Here are the ways I DO think about my writing
Rule #1: Just… do the writing
Like, do the work. Sit down, put pen or pencil to paper or your fingers onto your keyboard, and make words.
This is the number one “secret” of writing, and the only real thing that matters. You can listen to any music, use any tools, wake up at any time of day, and sit at any desk in the world, but the only thing that actually matters is whether you actually put words down.
I still think Elizabeth Gilbert, author of Eat, Pray, Love, put it best. In her TED talk on “creative genius,” she said, of her “process:”
“I’m not the pipeline! I’m a mule, and the way that I have to work is I have to get up at the same time every day, and sweat and labor and barrel through it really awkwardly.”
Best-selling memoirist Mary Karr said,
“I’m not much of a writer, but I am a stubborn little bulldog of a reviser.”
And as Scott Berkun wrote, regarding his “process:”
“I start with the first word of the first sentence and then write the second word. I continue with words until the sentence is done and then I move on to the next sentence… It’s just hard to take questions like this too seriously as I don’t think there is anything magical in any writer’s process. You have to do the work and as you do the work you figure out which process works best for you.”

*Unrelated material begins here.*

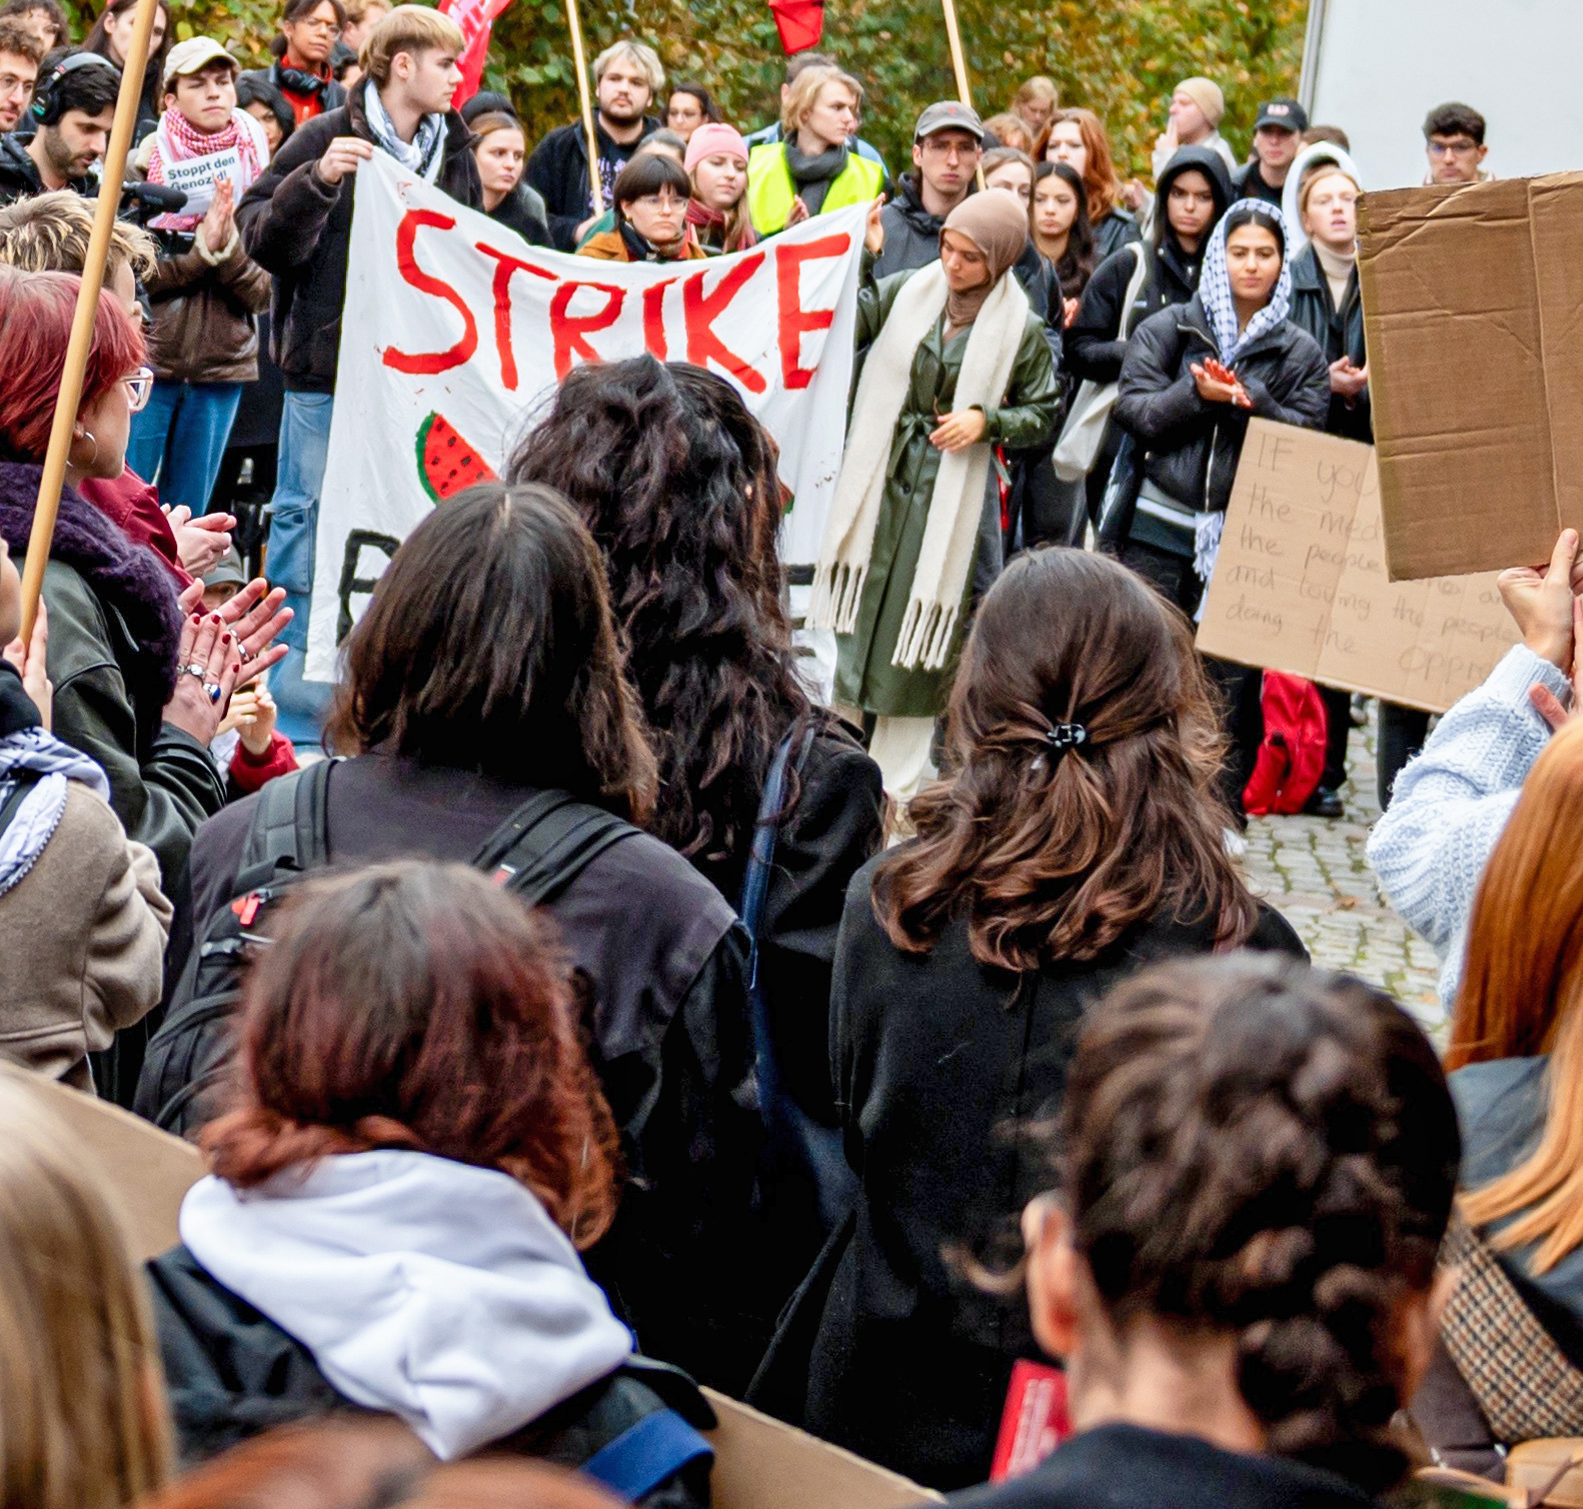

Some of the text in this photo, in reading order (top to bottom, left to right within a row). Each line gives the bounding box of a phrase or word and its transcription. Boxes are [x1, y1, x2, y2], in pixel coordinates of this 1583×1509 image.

[167, 155, 236, 180] Stoppt den
[381, 208, 851, 395] STRIKE

Agreed. Just do the work. Write.
I post almost every single day. I write even more than I post. I’m not saying this is the amount you need to produce; I’m only saying it’s what I do. I write when I feel like writing, but most importantly I write even when I don’t.

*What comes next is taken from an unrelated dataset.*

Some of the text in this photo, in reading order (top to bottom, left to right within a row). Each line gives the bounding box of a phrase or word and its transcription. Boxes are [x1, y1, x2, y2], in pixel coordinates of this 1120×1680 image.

I just can’t stress enough: there is no secret. 99% of it is: just write.
Rule #2: Know who you’re writing for
(Or, for the grammar-pious: for whom you’re writing)

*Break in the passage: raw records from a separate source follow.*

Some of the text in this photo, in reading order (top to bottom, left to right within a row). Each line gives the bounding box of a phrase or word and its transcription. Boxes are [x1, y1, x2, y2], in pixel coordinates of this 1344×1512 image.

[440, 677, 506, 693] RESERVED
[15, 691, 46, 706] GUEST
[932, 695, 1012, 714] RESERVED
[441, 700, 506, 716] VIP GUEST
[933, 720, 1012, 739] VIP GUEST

I don’t write for “everyone” and I don’t write for “anyone.” I write first and foremost “for me,” but after that I have very specific people for whom each piece is written. The vast majority of the time it’s two friends in particular — the same friends, unsurprisingly, I often reference in my pieces — who share a lot of the most common relationship questions.
Rule #3: A matter of making it “good”
Content: is this valuable? Does this address an issue/problem/question that readers have? And does it do so clearly, truthfully, and/or in a way that’s new?
Craft: does it have rhythm? is it a pleasure to read?
I think Scott Berkun has a really good list of questions when it comes to this.
A word on “Flow”
Psychologist Mihaly Csikszentmihalyi wrote a beautiful book on “flow:”
“The mental state of operation in which a person performing an activity is fully immersed in a feeling of energized focus, full involvement, and enjoyment in the process of the activity. In essence, flow is characterized by complete absorption in what one does, and a resulting loss in one’s sense of space and time.”
An ex-boyfriend once asked me if I get into flow while writing, and I was like “bro, lol… of course.”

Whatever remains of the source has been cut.